A obrigação do usuário em pagar tarifa mensal pela assinatura do serviço decorre da política tarifária instituída por lei, sendo que a Anatel pode fixá-la por ser reguladora do setor, amparada no que consta do contrato de concessão, com respaldo no artigo 103, parágrafos 3º e 4º, da Lei 9.472 (REsp 926.159; REsp 993.283).

Detalhamento da fatura eletrônica

Se a cobrança de tarifa básica pelo uso de serviços de telefonia fixa resultou na edição da Súmula 356, o detalhamento de fatura revogou a Súmula 357 do STJ, que tinha o seguinte enunciado: “A pedido do assinante, que responderá pelos custos, é obrigatória a partir de 1º de janeiro de 2006, a discriminação de pulsos excedentes e ligações de telefone fixo para celular” (REsp 1.074.799).

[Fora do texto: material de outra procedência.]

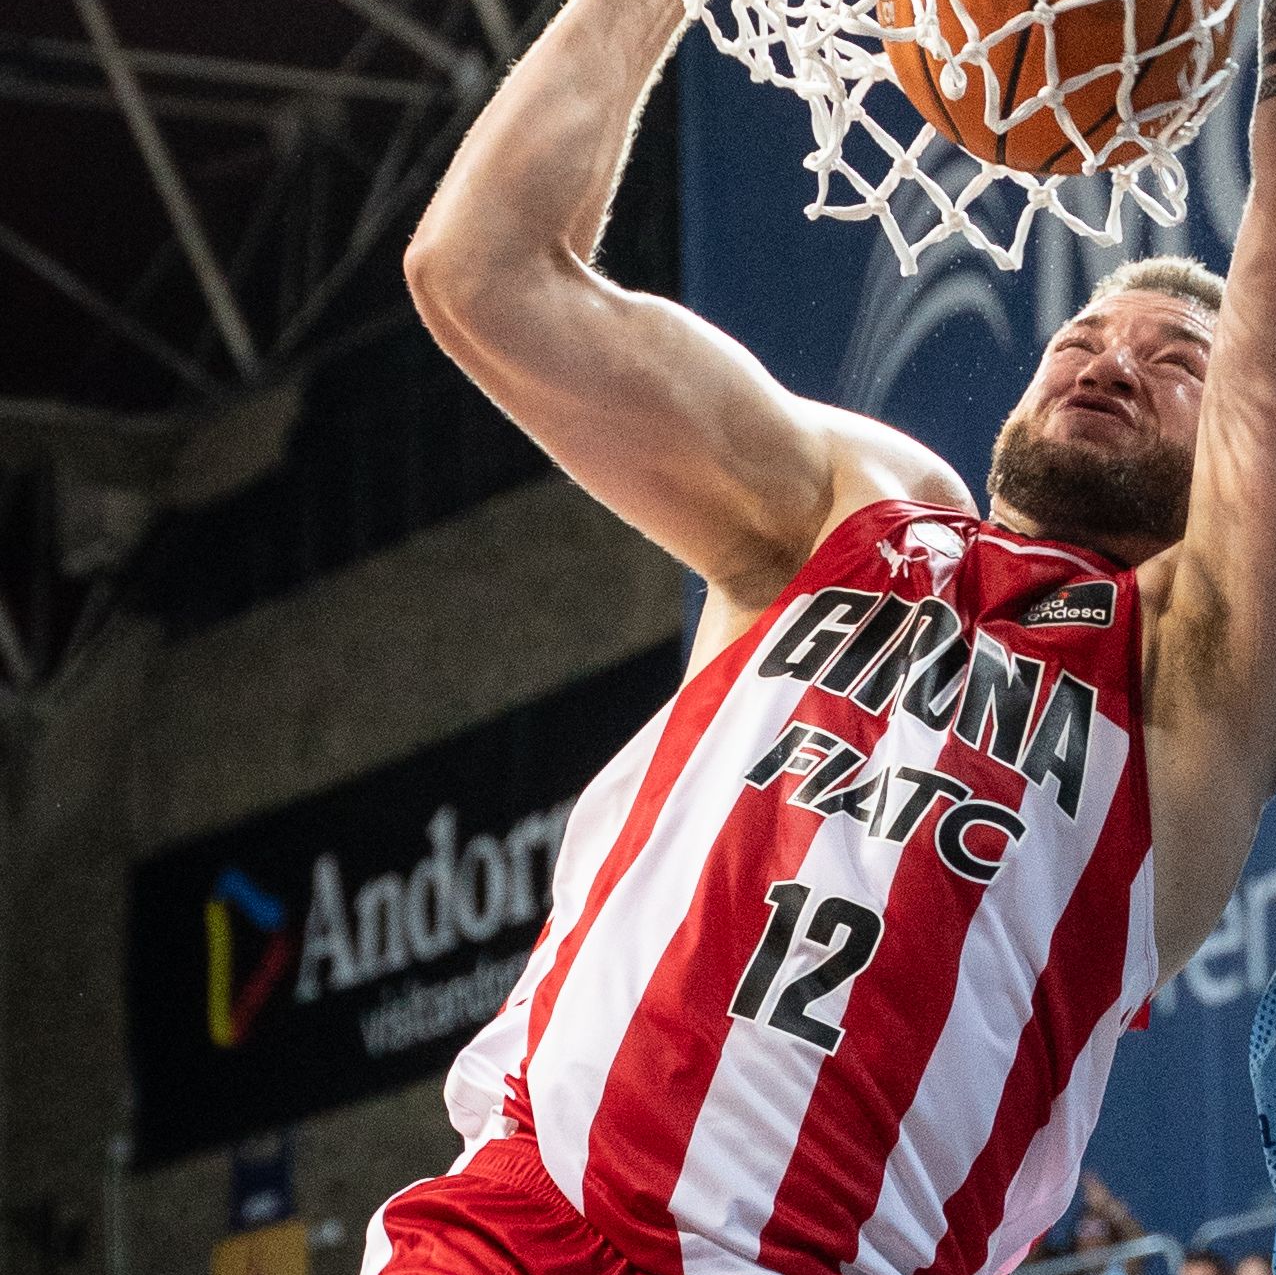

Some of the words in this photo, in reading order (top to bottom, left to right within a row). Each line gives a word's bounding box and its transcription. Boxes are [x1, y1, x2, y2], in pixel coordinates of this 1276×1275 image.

[1027, 606, 1107, 622] endesa
[757, 587, 1099, 821] GIRONA
[730, 880, 884, 1055] 12

Em julgamento conforme o rito da Lei dos Recursos Repetitivos, a Primeira Seção pacificou o entendimento, em 2009, de que, a partir de 1º de agosto de 2007, data da implementação total do Sistema Telefônico Fixo Comutado (Resolução 426), é obrigatório o fornecimento de fatura detalhada de todas as ligações na modalidade local, independentemente de ser dentro ou fora da franquia contratada. O fornecimento da fatura é gratuito e de responsabilidade da concessionária.

A solicitação para o fornecimento da fatura discriminada sem ônus para o assinante só precisa ser feita uma única vez, marcando para a concessionária o momento a partir do qual o consumidor pretende obter o serviço. Segundo o relator, ministro Francisco Falcão, não teria sentido obrigar o consumidor a solicitar mensalmente o detalhamento de sua fatura.

Atuação dos Procons

Também em 2009, o STJ aplicou decisão que beneficia os consumidores e intimida as operadoras em relação ao descumprimento de cláusulas de serviços. A Segunda Turma reiterou a legitimidade dos Procons para aplicar multas por descumprimento de suas determinações. A decisão se deu em questão em que foi suscitado conflito de atribuições entre o Procon e a Anatel (REsp 1.138.591). 

Uma empresa concessionária foi multada por ter descumprido a determinação do órgão de defesa do consumidor quanto à instalação de linha telefônica no prazo estipulado de dez dias. Ela pediu a desconstituição da multa com o argumento de que tal competência era da Anatel.

Para a concessionária, o acórdão proferido pelo Tribunal de Justiça do Rio de Janeiro (TJRJ) contrariou o artigo 19, IV e VII, da Lei 9.472 e o artigo 19, parágrafo único, do Decreto 2.338/97, pois a atuação dos órgãos de defesa do consumidor dependeria de prévia coordenação da Anatel, sob pena de usurpar a competência da agência reguladora.

Ao analisar a questão, o relator, ministro Castro Meira, considerou que a atuação do Procon é sempre legítima quando se trata de aplicar as sanções administrativas previstas em lei, no regular exercício do poder de polícia que lhe foi conferido no Sistema Nacional de Defesa do Consumidor.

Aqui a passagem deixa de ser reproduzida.